Three-channel Euclidean and x0x-style gate sequencer inspired by DNIPRO's DOT (note that these modules are similar only in name and function, the internal design and firmware are entirely my own).
DotSeq has three 16-step channels, which can be filled via Euclidean patterns or manual step activation. The buttons cycle through Euclidean fill, pattern length, and offset parameters. An encoder increments or decrements the selected parameter, and can be pressed to manually (de)activate individual steps. All channels share a single Clock and Reset input, but have individual CV inputs and Gate outputs. CV control can be assigned to any one of the Euclidean parameters (+-8 increments) for each channel.
This module follows my general digital reset logic: a rising edge into the Reset input is treated like a clock pulse that actively moves the sequence back to the first step, and the Clock input is ignored for a few milliseconds after that.
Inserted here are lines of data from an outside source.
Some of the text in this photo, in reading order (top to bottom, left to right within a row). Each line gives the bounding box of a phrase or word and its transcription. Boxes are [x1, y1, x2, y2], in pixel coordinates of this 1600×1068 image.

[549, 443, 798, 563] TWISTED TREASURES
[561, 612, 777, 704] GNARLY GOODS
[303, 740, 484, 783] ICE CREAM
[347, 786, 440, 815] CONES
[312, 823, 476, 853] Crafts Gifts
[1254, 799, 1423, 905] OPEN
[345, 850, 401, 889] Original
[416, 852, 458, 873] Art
The alternative is that a reset will cause the next clock to move the sequence back to the first step. Since the latter requires much more precise (external!) timing of concurrent clock and reset signals I prefer the first approach.
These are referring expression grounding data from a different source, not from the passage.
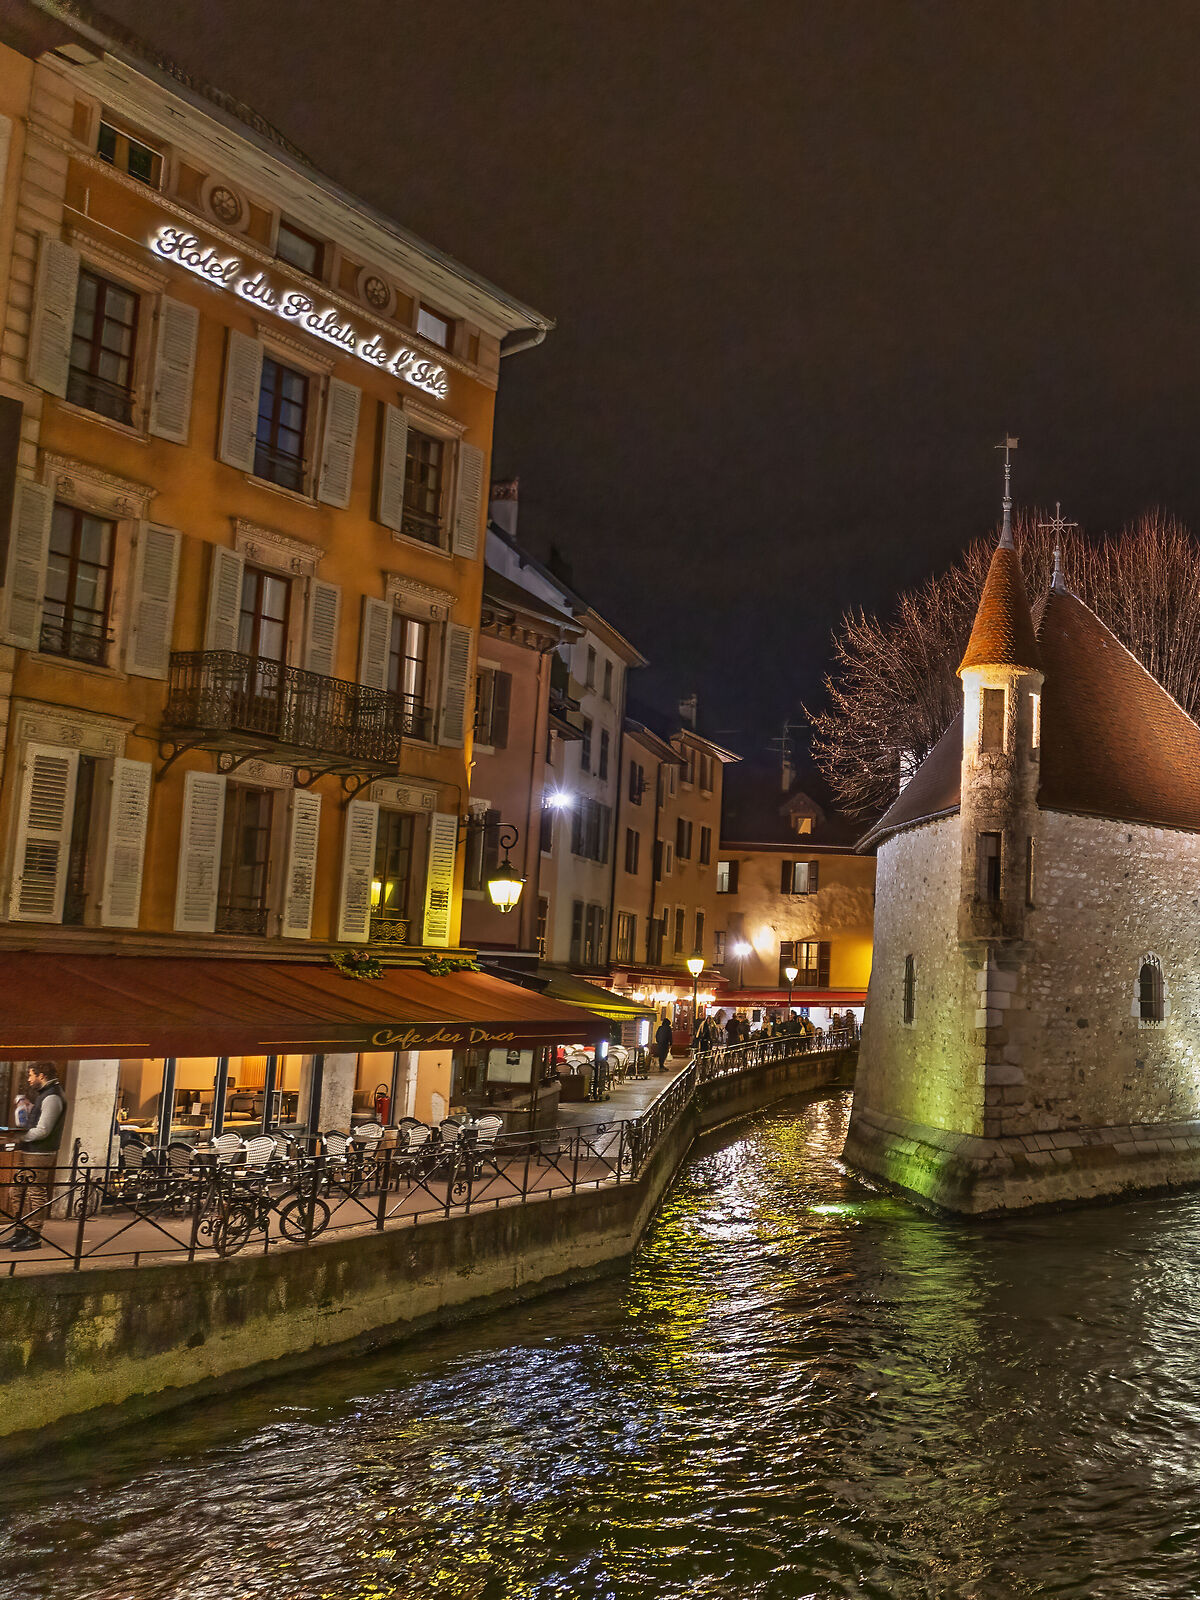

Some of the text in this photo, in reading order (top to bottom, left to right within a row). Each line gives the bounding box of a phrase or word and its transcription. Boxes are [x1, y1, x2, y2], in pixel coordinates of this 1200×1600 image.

[156, 227, 241, 284] Hotel
[242, 272, 278, 307] du
[283, 293, 357, 350] Palais
[361, 336, 388, 365] de
[424, 1026, 464, 1044] des
[468, 1026, 518, 1045] Ducs
DotSeq clocks like a trooper up to at least 8 kHz, beyond which you can't really speak of a trigger sequencer anymore. The display only updates at roughly 70 Hz - actually twice that, but every cycle only refreshes one colour - so that's when it will look like it kind of starts freaking out. Don't worry, clocks and resets are still being processed by hardware interrupts correctly, it's just that our eyes wouldn't really be able to keep up with those kinds of speed anyway (and the more time spent clocking the less time there is for displaying things!).